How do we create a container for the body that offers care and a felt sense of safety and being held?
There’s a part of the body called the vagus nerve which is a cranial nerve whose impact is felt through much of the body. It innervates the muscles of the throat, lungs, heart, digestive organs, and kidneys and helps supports a variety of bodily functions that allow us to be in a state of balance. The nerve is said to be most dominant in our gut area and a source for our gut wisdom.
The vagus nerve is central to our ability to relax, our ability to act in life-threatening situations, and our ability to experience a felt sense of love, fear, grief, loneliness, belonging, hope, empathy, and connectedness.
The vagus nerve connects to our brainstem or lizard brain whose primary function is to detect survival including our ability to detect when we are hungry and thirsty as well as our ability to detect when danger is present and engage in protective responses such as fight, flight, and freeze.
Some of us based on our personal and intergenerational histories can have a protective response that can become hyper stimulated and have difficulty differentiating between states of safety and danger which can cause us to have a prolonged stress response and increased difficulty engaging in states of relaxation.
Engaging in vagus nerve exercises can support an increased container in the body for relaxation and can help the body relearn how to settle and ground.
When we engage in a state of relaxation or ease, the vagus nerve then sends a message to our lizard brain that it’s okay, we can relax and settle that we can then experience as a form of softening and soothing that is received through much of the body.

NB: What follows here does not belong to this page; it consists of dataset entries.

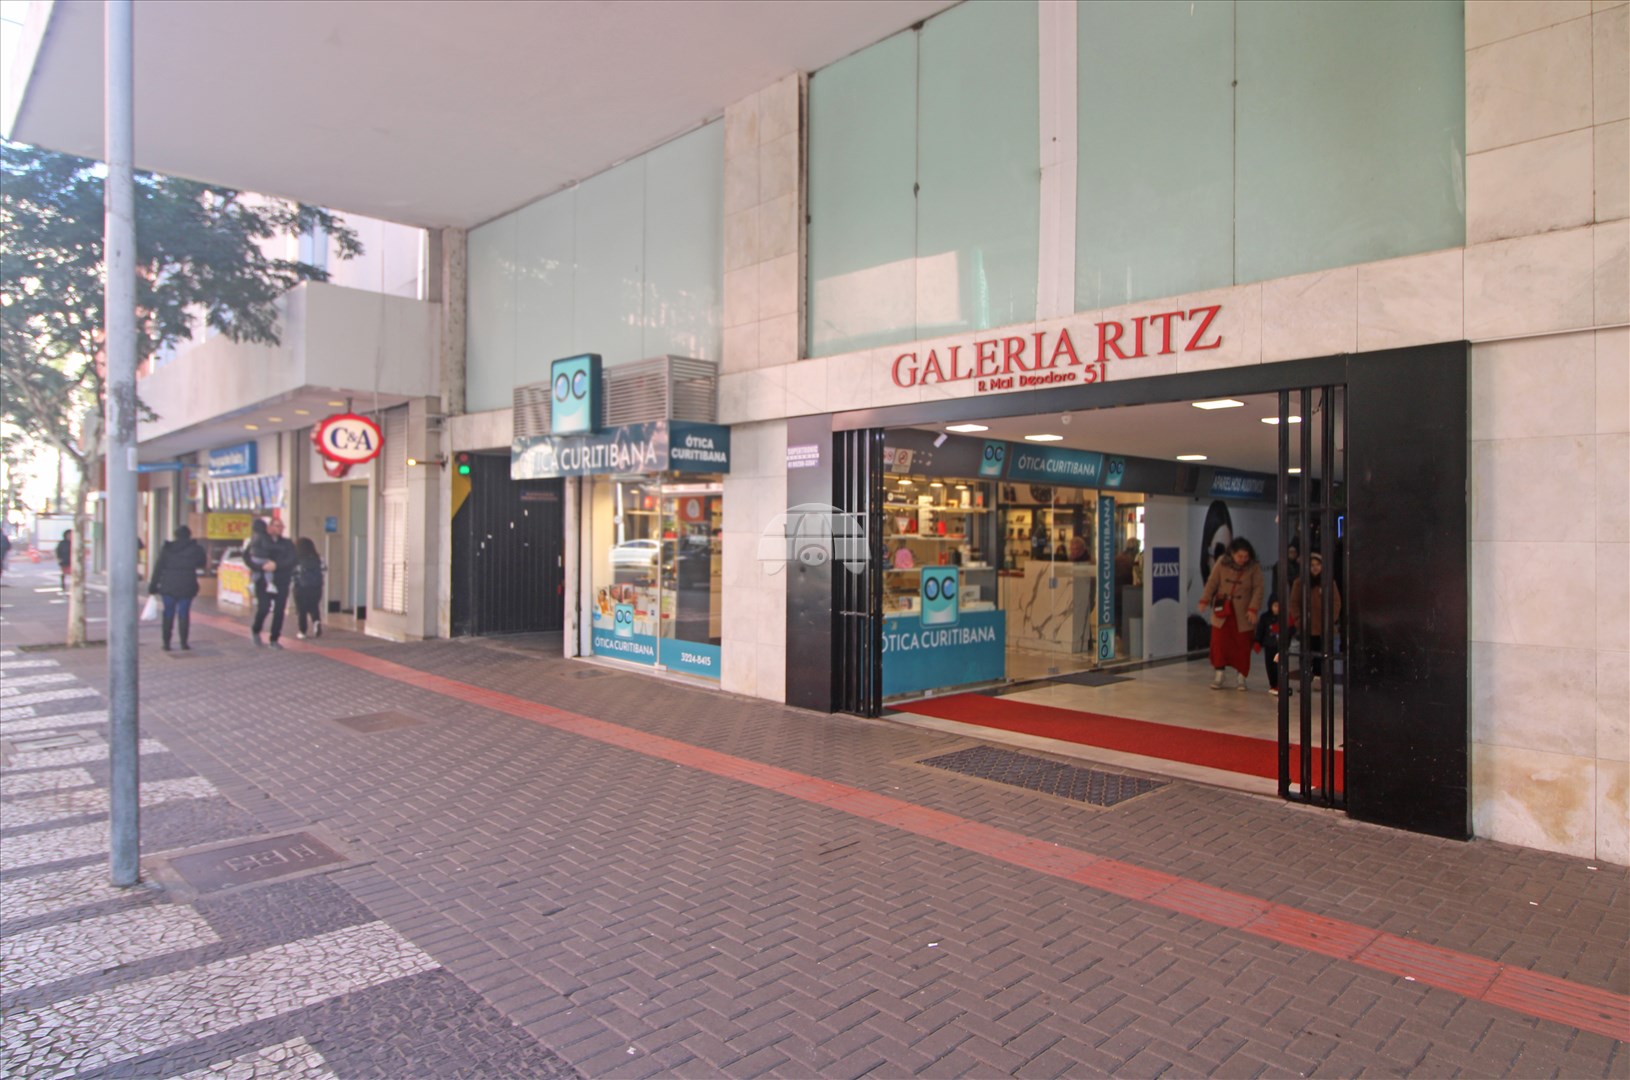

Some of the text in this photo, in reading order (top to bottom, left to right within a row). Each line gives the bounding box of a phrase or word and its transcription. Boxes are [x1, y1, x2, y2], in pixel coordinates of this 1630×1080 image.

[892, 304, 1223, 388] GALERIA RITZ
[555, 369, 587, 402] OC
[990, 376, 1013, 390] Mal
[1019, 370, 1076, 387] Deodoro
[1084, 362, 1106, 384] 51
[330, 427, 374, 451] C&A
[685, 435, 714, 449] ÓTICA
[560, 441, 657, 471] CURITIBANA
[671, 449, 727, 463] CURITIBANA
[984, 445, 1004, 461] OC
[1018, 455, 1095, 476] ÓTICA CURITIBANA
[1109, 461, 1123, 474] OC
[1102, 498, 1111, 624] ÓTICA CURITIBANA
[1153, 562, 1179, 577] ZEISS
[924, 576, 955, 601] OC
[616, 609, 632, 625] OC
[595, 637, 654, 656] ÓTICA CURITIBANA
[920, 626, 996, 649] CURITIBANA
[1101, 630, 1109, 658] OC
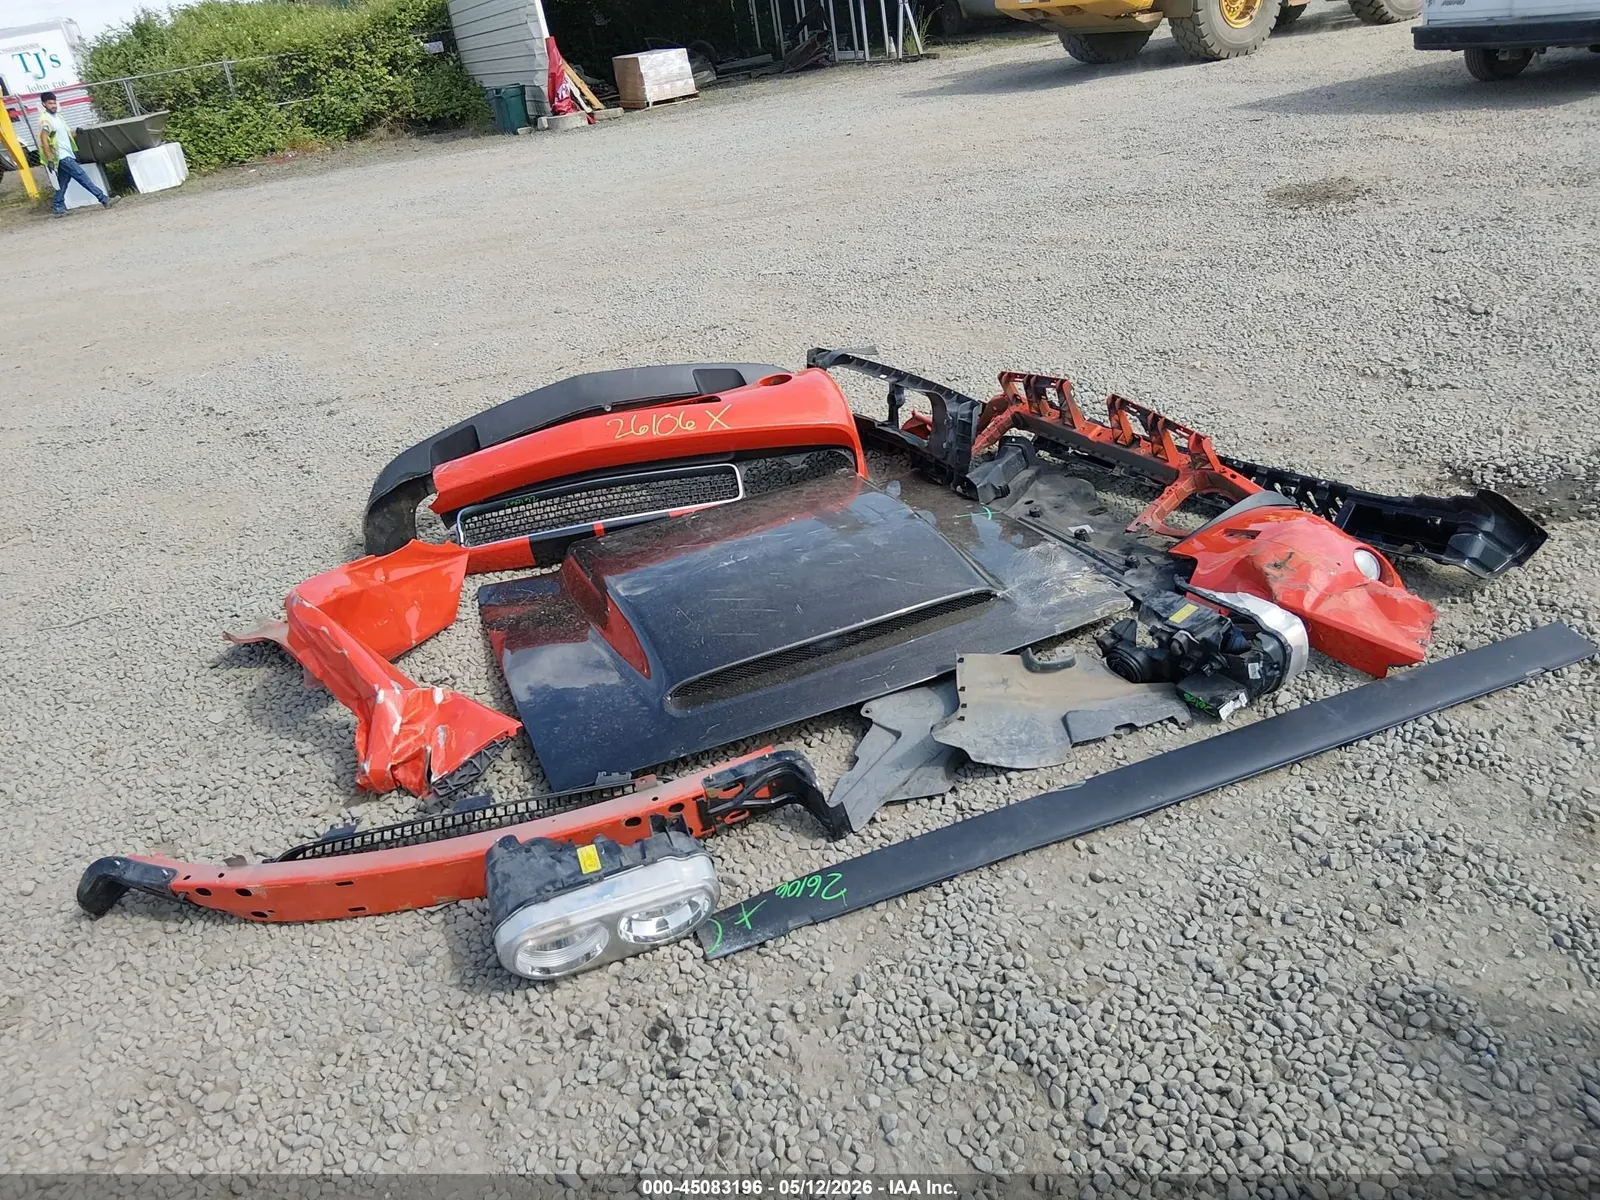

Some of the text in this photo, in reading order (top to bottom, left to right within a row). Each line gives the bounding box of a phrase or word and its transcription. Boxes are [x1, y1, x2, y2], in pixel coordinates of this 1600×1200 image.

[11, 47, 62, 80] TJ's
[27, 83, 51, 93] John
[606, 403, 732, 440] 26106 X
[775, 872, 848, 906] 26106
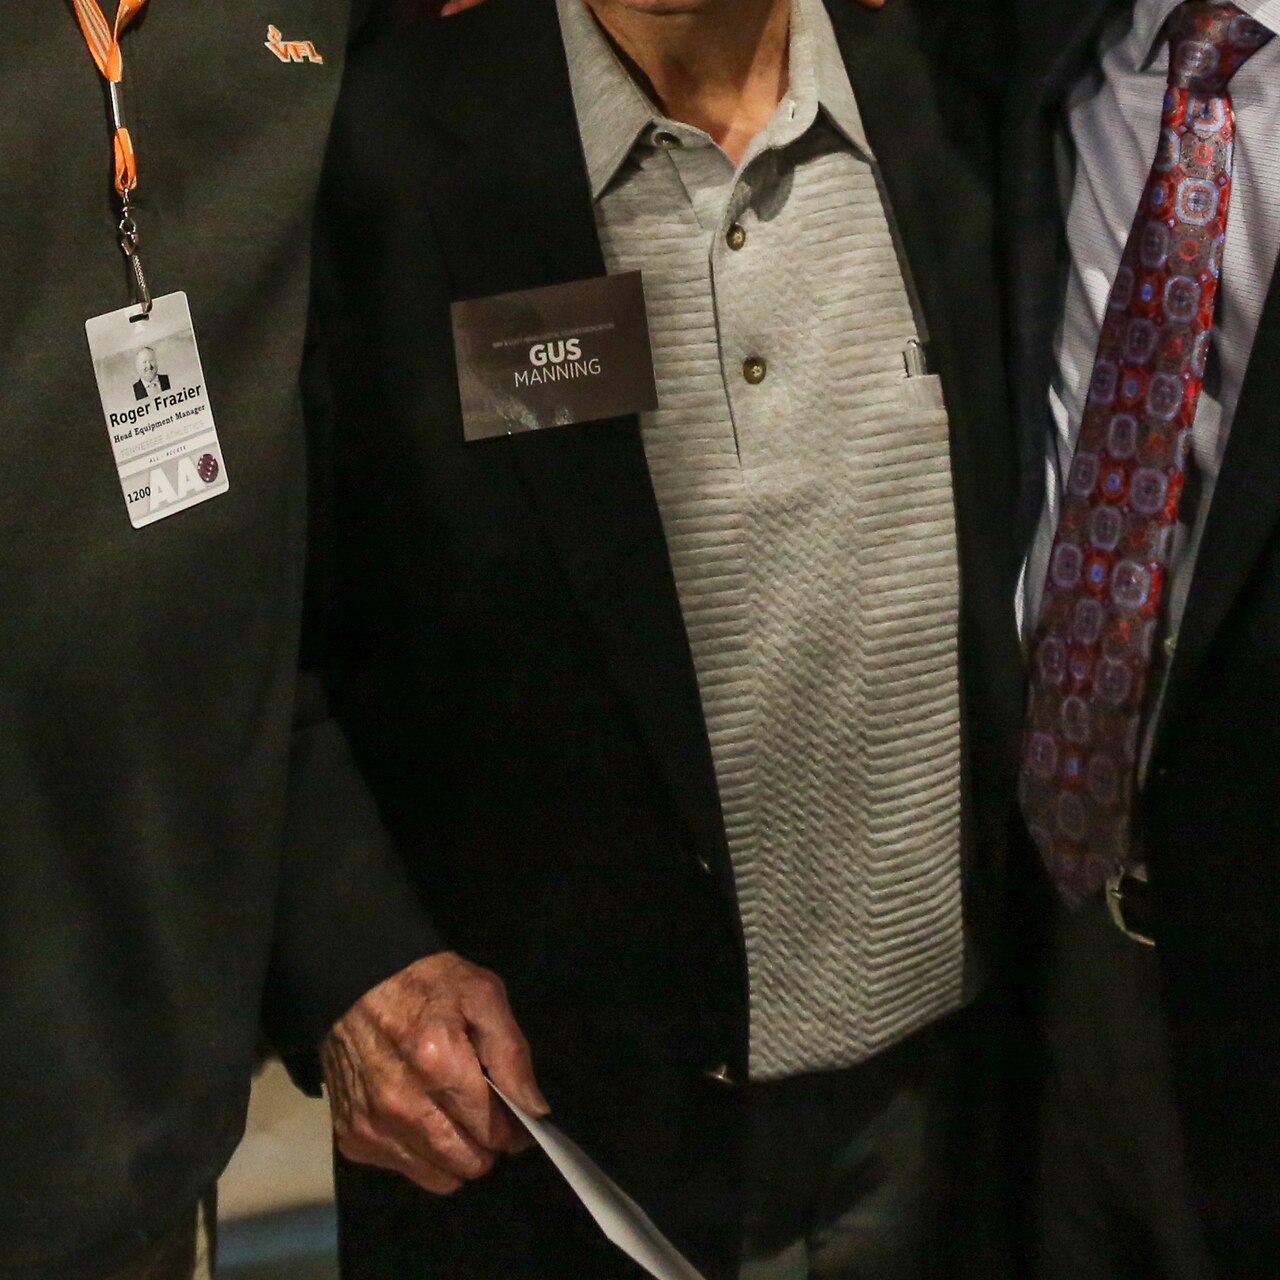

If we engage in this practice regularly for a few minutes each day, the body can become held and bathed in the vagus nerve messages of safety and belonging and develop greater capacity for self-soothing and for returning to these states more frequently.
I have offered a video below to explore a few simple vagus nerve exercises including swaying, rocking, humming, tactile contact, and belly breathing. Practices like this can be done a few minutes each day to support increased space for grounding and care for the body and nervous system.
Reflections to explore along with watching the video include:
Are you able to easily distinguish when your body is in a state of relaxation and when your body is in a state of activation or collapse?
What helps allow for your body to settle? What sparks the message from the vagus nerve to the lizard brain: it’s okay, you can soften and relax now.
Can you create a few minutes a couple of times per day to check in with the body and notice what state the body is in and offer any care that is needed?
—Lissa E.
This post is inspired by reflections offered in the book My Grandmother’s Hands by Resmaa Menakem on the vagus nerve.